Barely a year ago, in the dark night before “liberation”, soldiers in gray flooded the narrow alleys of Chengdu: some of them swarmed out of the city as if the devil was chasing behind; more of them, in poorly-made and unfit uniforms, dropped their guns and quietly walked towards their former enemies. Later in the morning, men and women in khaki uniforms parade into the city with people’s enthusiastic welcome, just as what had already happened, and would happen, at thousands of cities in this suffering country. Both Luo and the three bullies should be in the crowd, excited about the brave new world in front of them. The family of Luo’s friend, which sensed uncertainty about the future of their wealth, might hold him back from joining his ecstatic peers.

Those few well-off families were afraid of the new “Land Reform” campaign. These policies, designed to create absolute equality, granted peasants right to divide their landlords’ immense farm. The long-suppressed poor did more than taking land from the rich: they arrested, tried, tortured, and even executed their landlords. Father of Luo’s friend was lucky to survive from the hands of raging people, yet his family lost most of its wealth accumulated for generations. Luo’s friend could not enjoy the privileged life he was used to. He could no longer go to the private school that only taught the heirs of wealthy households. He had to attend a public school with the children of the impoverished majority, which he barely interacted before. The boy navigated through his new school life with his good nature. He almost felt fit into the community when he made friends with classmates from other social backgrounds, such as my grandfather. Nevertheless, the wrath of the crowd haunted him, takes in form of three poor upperclassmen blocking the crooked alley.

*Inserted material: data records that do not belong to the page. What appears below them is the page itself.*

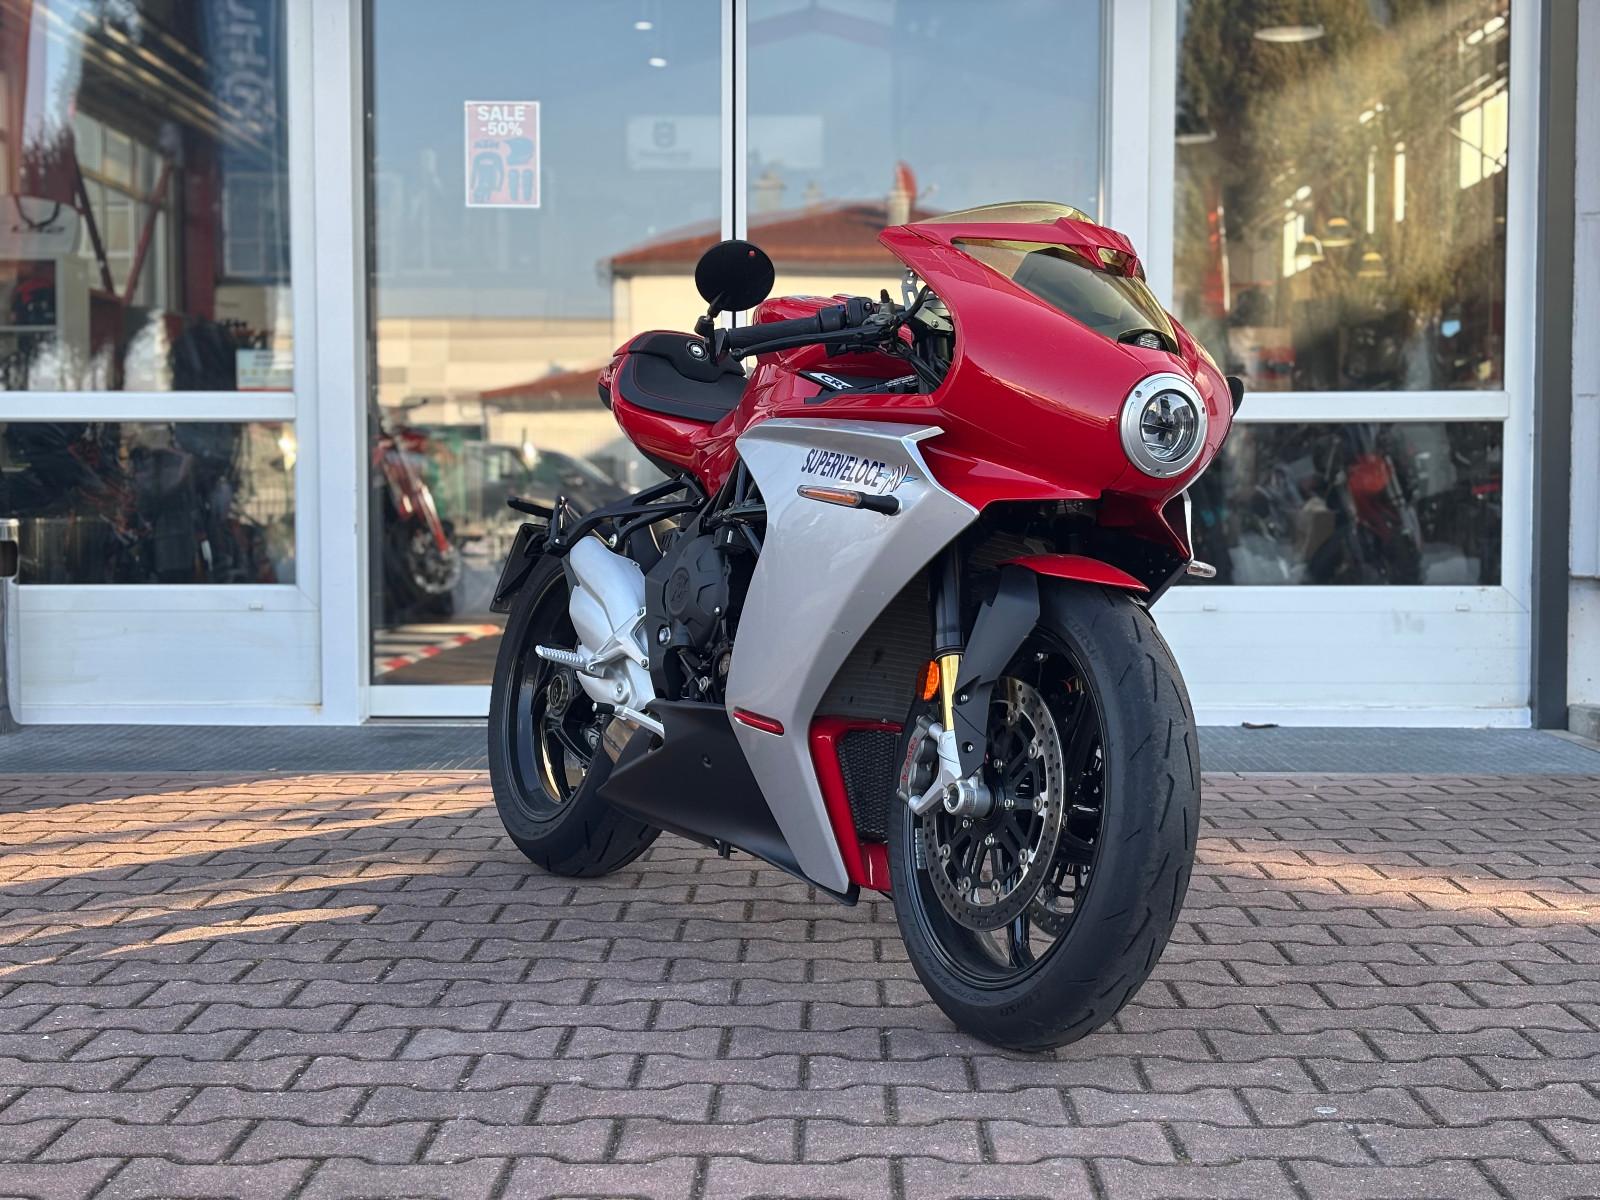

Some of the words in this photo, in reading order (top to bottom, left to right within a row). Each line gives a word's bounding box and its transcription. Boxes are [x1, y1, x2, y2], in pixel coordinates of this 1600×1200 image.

[477, 105, 526, 121] SALE
[480, 121, 523, 136] -50%
[801, 448, 886, 488] SUPERVELOCE
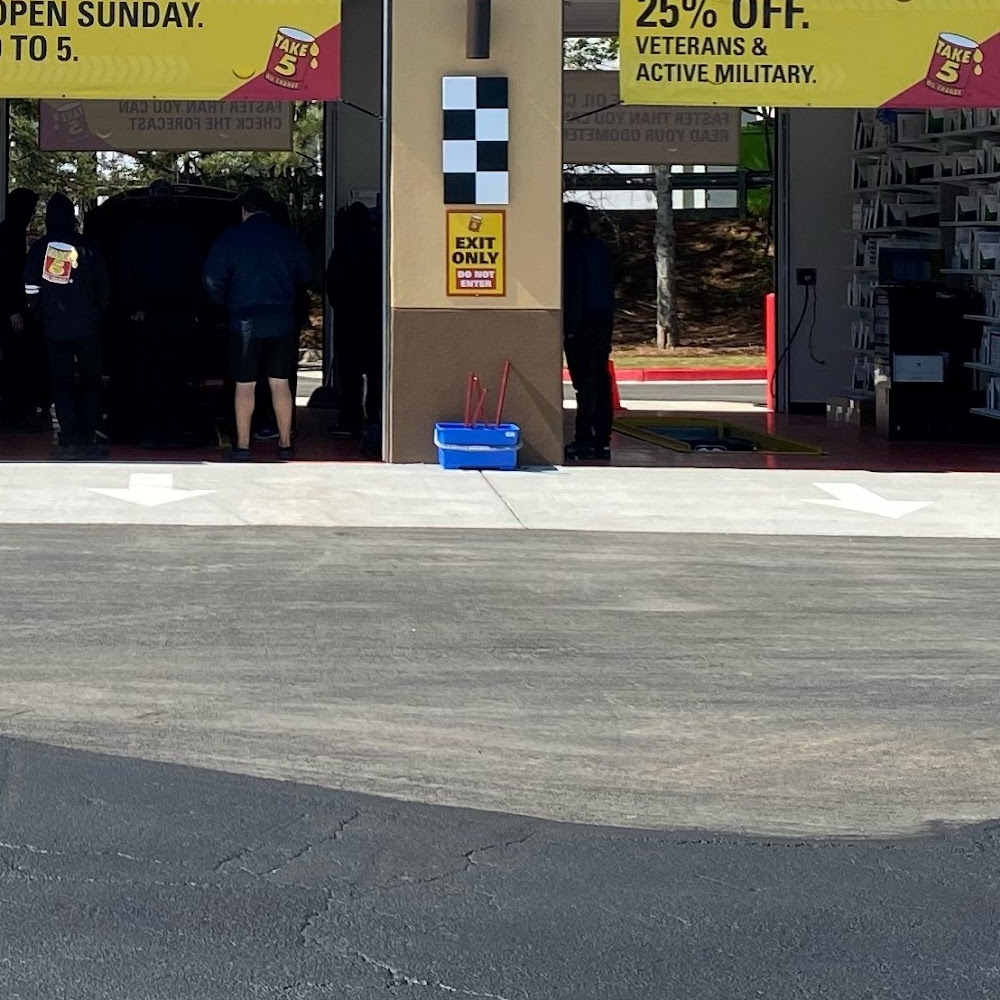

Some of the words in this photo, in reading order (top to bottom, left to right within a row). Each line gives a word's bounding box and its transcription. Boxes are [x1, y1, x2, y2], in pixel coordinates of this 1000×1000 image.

[77, 0, 204, 28] SUNDAY.
[9, 34, 48, 62] TO
[56, 36, 79, 62] 5.
[274, 33, 309, 58] TAKE
[635, 35, 746, 56] VETERANS
[751, 37, 769, 57] &
[936, 39, 972, 64] TAKE
[273, 53, 298, 77] 5
[635, 62, 709, 82] ACTIVE
[715, 64, 818, 84] MILITARY.
[935, 59, 960, 84] 5
[455, 236, 496, 249] EXIT
[452, 251, 500, 264] ONLY
[457, 270, 472, 279] DO
[474, 270, 496, 279] NOT
[460, 280, 493, 288] ENTER
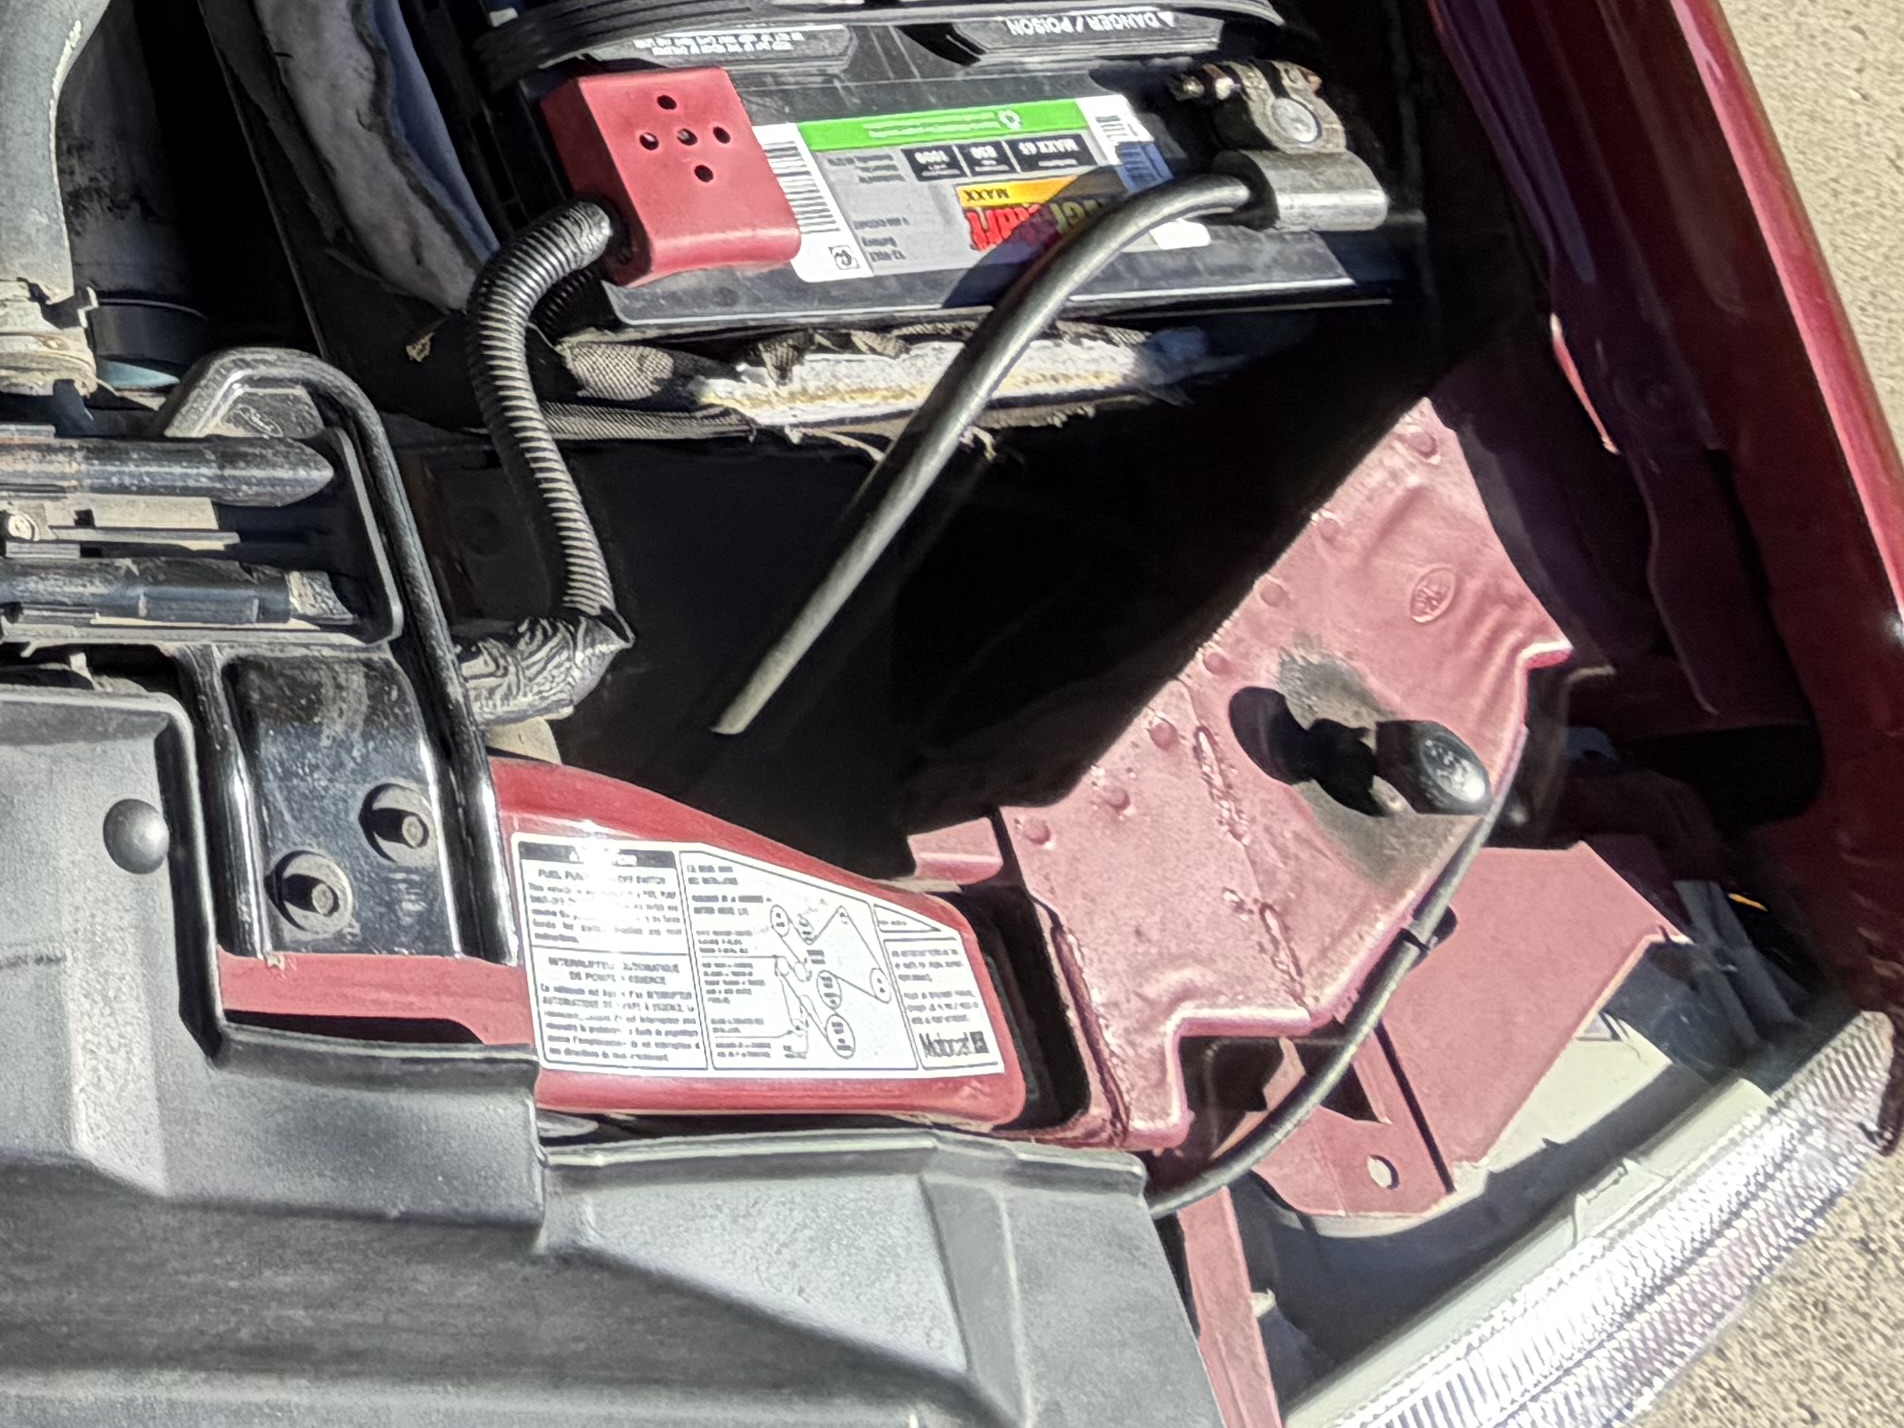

The arrival of “liberators” had enormous impact on Luo’s lower middle class family too. If the communist side lost the brutal civil war and was never able to reach Chengdu, his family would’ve kept profiting from its tiny photography workshop. Luo would’ve finished high school and become a photographer after his father, continuing his parents’ lifestyle. He would be able to feed his large family by taking photos. There would be no need for traveling 72 hours on a rusty train to the capital for a research job. However, he would not be able to tell his grandson anecdotes about Isaac Newton, Michael Faraday, and Nikola Tesla as if these big names were his acquaintances.

My grandpa, Luo, always told me: “Living through your life is like walking through a shadowy alley, you never know what’s waiting for you at the next corner.” People got pushed toward various directions by forces that they cannot perceive. People alter other’s paths unconsciously in the ways that they do not always understand. The route in front of us is often fogged. The only thing we can see is where we are right now.

I forgot to tell you that if my grandpa refused to stand up for his friend, or if he remained the same timid, fragile kid traumatized by that scar, it would be impossible for you to hear this story as well. Not only the tide of history, but also his own free will shaped him into who he was, into the one that I am familiar with, love, and revere. Although there are always external factors influencing us, only our own feet can complete the journey ahead. If we get terrified, get destroyed by the countless possibilities around us, we would never move forward in this crooked valley called life.

The author's comments:

I wrote this short story for my English class. The inspiration of this story is a conversation with my friend about how he wouldn't exist if his grandmother had not luckily escaped the Nazis. It makes me reflect on the relationship between history and individual people. The idea of huge historical events happened many decades ago could have enormous impact on everyone's daily life intrigues me. When facing the tide of history, do we just drift with it or "beat on, boats against current" like Fitzgerald's remark at the end of The Great Gatsby?